Dr Thomas I Lemon explores the concept of deep space medicine and healthcare.
Space medicine is not a new concept. Professor Hubertus Strughold, a leading German Luftwaffe, first coined the term when he was taken to America in 1947 as part of Operation Paperclip. It was during this time he helped design the suit astronauts use today.1 However, the potential for workforces and communities to settle in deep space is becoming ever more probable. I’ll now explore some of the qualities, challenges and methods considered in relation to the practice of medicine in space.
Life on Mars
Mars One is a not-for-profit project aiming to establish a community living exclusively on Mars by 2023.2 Applications are open to the world with over 78,000 already signed up (http://applicants.mars-one.com/). This reflects a global, rather than a national effort towards solar system and planet explorations – currently space exploration budgets are decided on a nation-by-nation basis.2
Mars One believes that by establishing life on Mars there will be acceleration in our understanding of the solar system and other origins of life. The recent rise in notoriety of companies, such as Planetary Resources, with the potential for mining on asteroids, suggests space is rapidly becoming an environment that could host human life, and therefore an accompanying need for healthcare is emerging.

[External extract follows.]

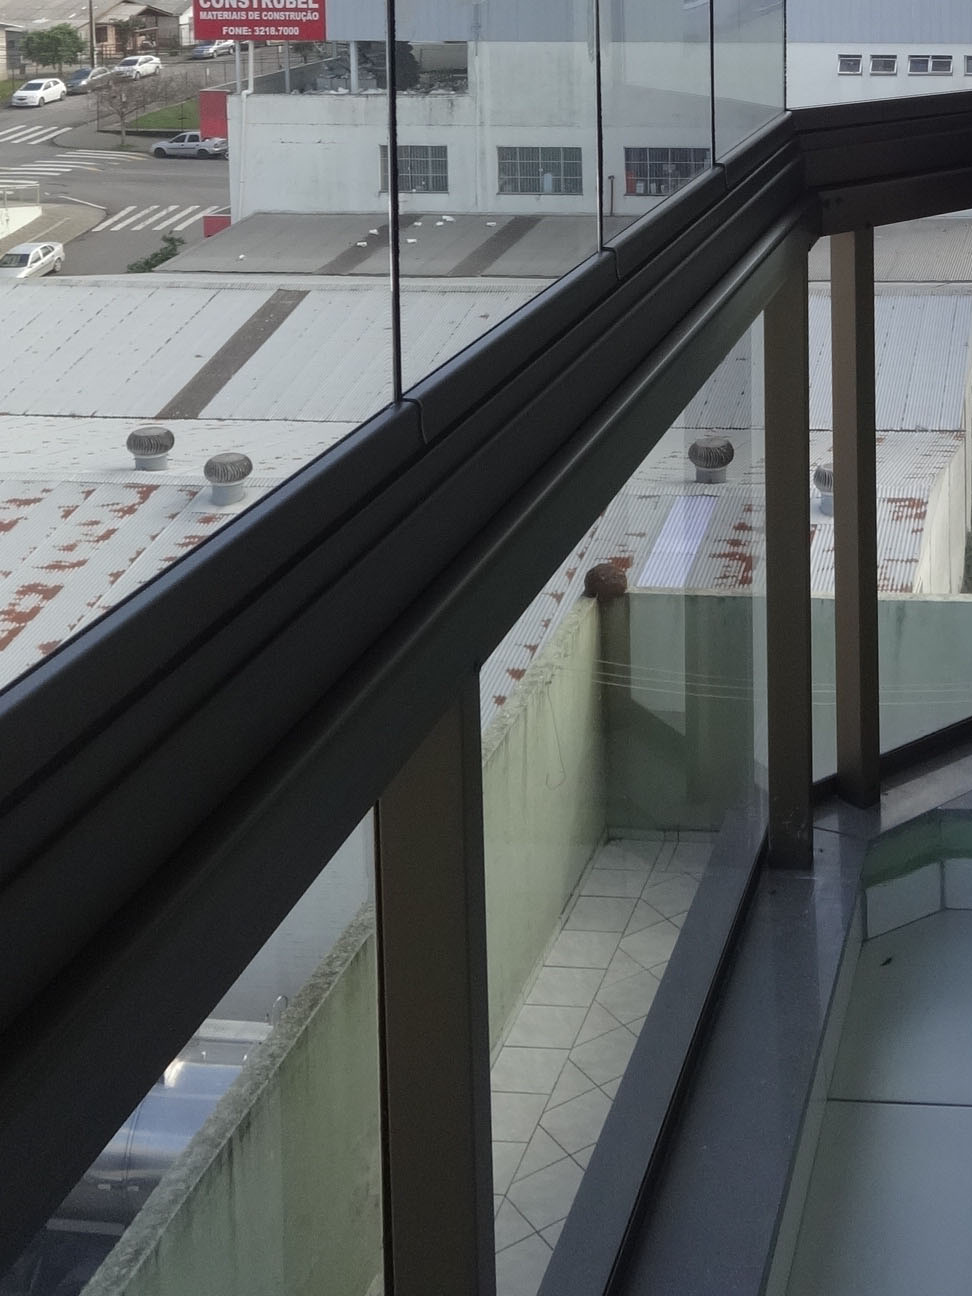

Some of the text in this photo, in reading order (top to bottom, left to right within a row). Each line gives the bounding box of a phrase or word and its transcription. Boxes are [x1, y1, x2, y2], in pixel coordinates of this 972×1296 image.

[199, 10, 319, 22] MATERIAIS DE CONSTRUÇÃO
[222, 26, 299, 35] FONE: 3218.7000

"Physician recruitment from the general physician pool is inevitable"
Space exploration remains a multi-billion pound project, with the US being the largest investor in its space programme with an annual spend of $18 billion, and countries such as Iran spending as much as $500 million annually.3 There is also external funding from innovative routes such as space tourism, raising up to $25m per trip.
Could you be a space doctor?
While some doctors have trained as experts in space medicine or as astronauts, there are not enough of them to provide the services required by the Mars One project, or indeed the support needed for the proposed meteor mining. Thus physician recruitment from the general physician pool is inevitable, and as a cross range of medical specialties will be required, it’s likely to be an opportunity open to many of us in our careers.

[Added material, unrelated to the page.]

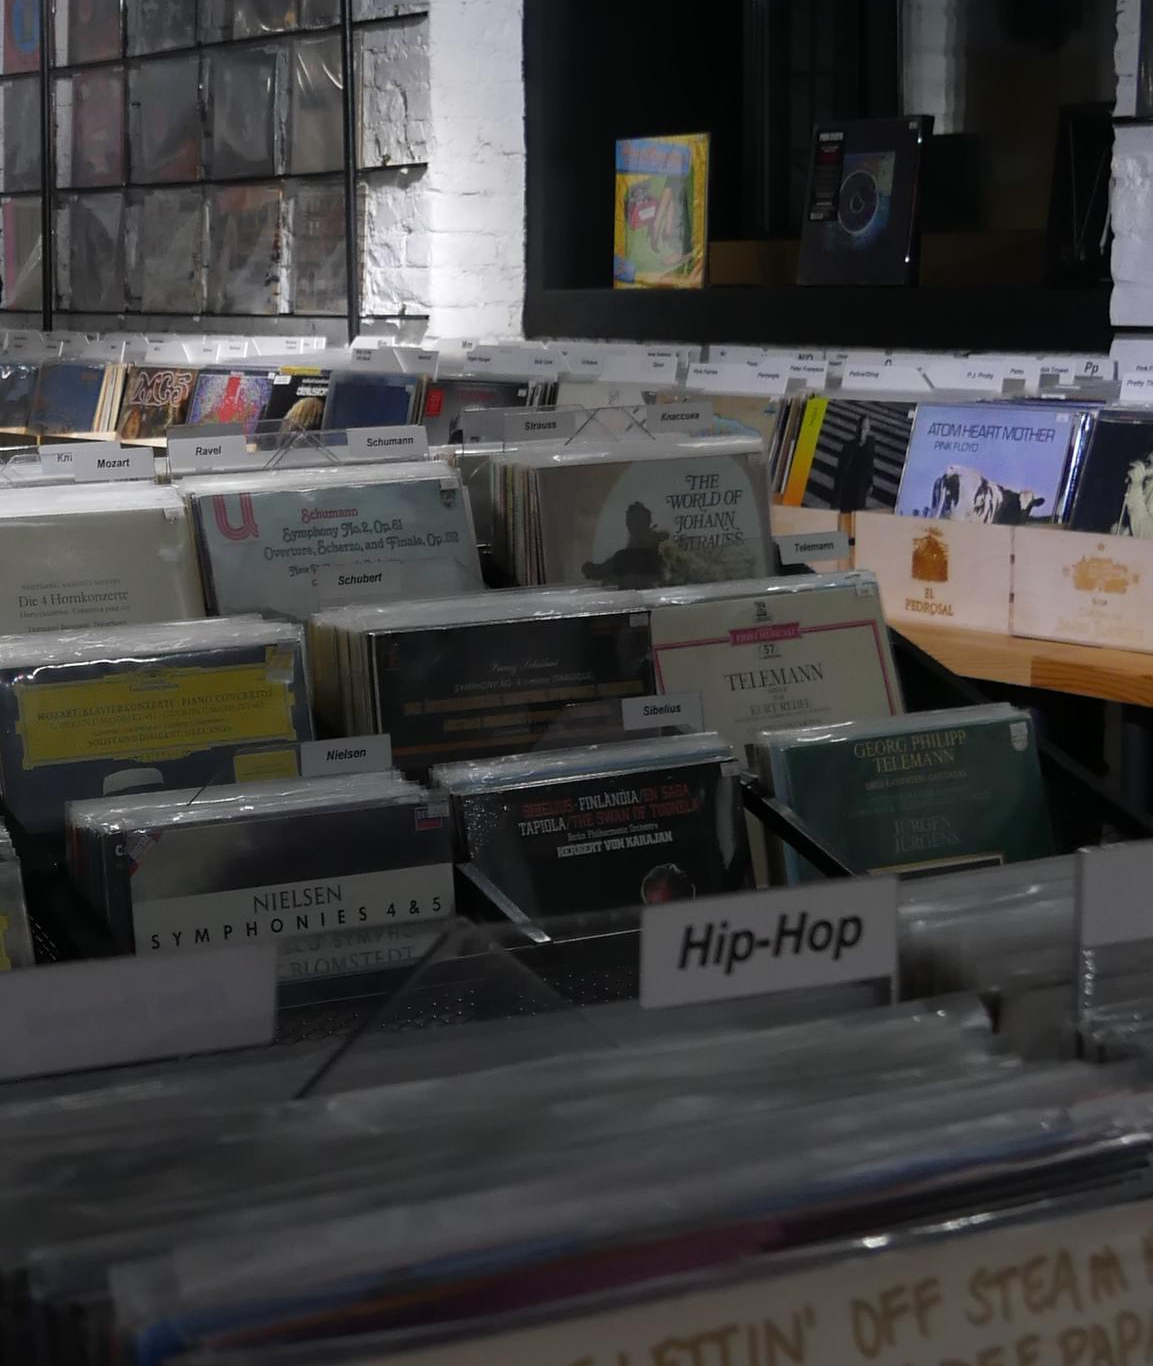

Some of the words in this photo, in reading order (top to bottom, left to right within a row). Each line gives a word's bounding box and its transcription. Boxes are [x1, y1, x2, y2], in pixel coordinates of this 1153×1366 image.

It is possible to draw strong similarities between the five domains Mars One pinpoints as making the ideal astronaut and with those of doctors.2
Mars One describes the importance of persistence and productiveness, having a ‘can do’ attitude and an indomitable spirit. Surviving medical school is a resolute example of one’s resiliency, but throughout our working lives, medical professionals demonstrate productivity – working to tight NHS guidelines, meeting waiting list targets, teaching and most importantly looking after patients. The trainees of today are working in an everchanging workplace, with increasing amounts of competition and let downs.
"Ideal candidates are people who ask questions to understand, rather than for an answer and who disseminate knowledge for reasons other than showcasing their own skills"
There is extra resilience training available for medical professionals, for example, the US offers doctors the Professional Provider Resiliency Training.4 It’s interesting to see the US scheme describing resilience as a skill to help avoid burnout of health providers, in comparison to the Mars One ‘productive’ and ‘can do attitude’ assimilation of the term.
Astronauts should be able to adapt to any situation. A Mars One astronaut should be someone who knows their own boundaries, and draws from the uniqueness of different cultural backgrounds. For GPs and anyone carrying out a consultation, adaptability occurs every 10-15 minutes.
Medicine is culturally diverse – we are all submerged in it and we all have used our experiences in some way or another to amend our practice. Furthermore, all doctors who remain registered with the GMC are intimately aware of their boundaries and best practice.
Ideal candidates are people who ask questions to understand, rather than for an answer and who disseminate knowledge for reasons other than showcasing their own skills. In other words, Mars One desires intelligence and imagination.
As clinicians and scientists, curiosity is the driving force behind diagnosis, a defining skill of being a doctor. This diagnosis encompasses both intelligence and imagination and hence, curiosity is an integral part of the physician’s repertoire.
Ability to trust
Mars One describes the ability to trust in yourself and others, based on good judgment. This is related to flexible thinking, the ability to listen to others while working as a team and trust their judgment. In the medical world, teamwork is central, as demonstrated by an intriguing paper by Sexton and Helmreich.5 In the paper they discuss hierarchies and the reliance of consultant surgeons on teams, in comparison to aeroplane pilots.
"Mars One desire their applicants not to be constrained by initial education when looking to resolve new tasks"
Creativity and resourcefulness
Mars One desire their applicants not to be constrained by initial education when looking to resolve new tasks; this skill reflects imagination and intelligence once again. This is possibly the most difficult dynamic for the medical professional to relate to. For many years we learn by protocol, through the BNF and by using care pathways, to what extent our practice is intrinsically linked to our initial education.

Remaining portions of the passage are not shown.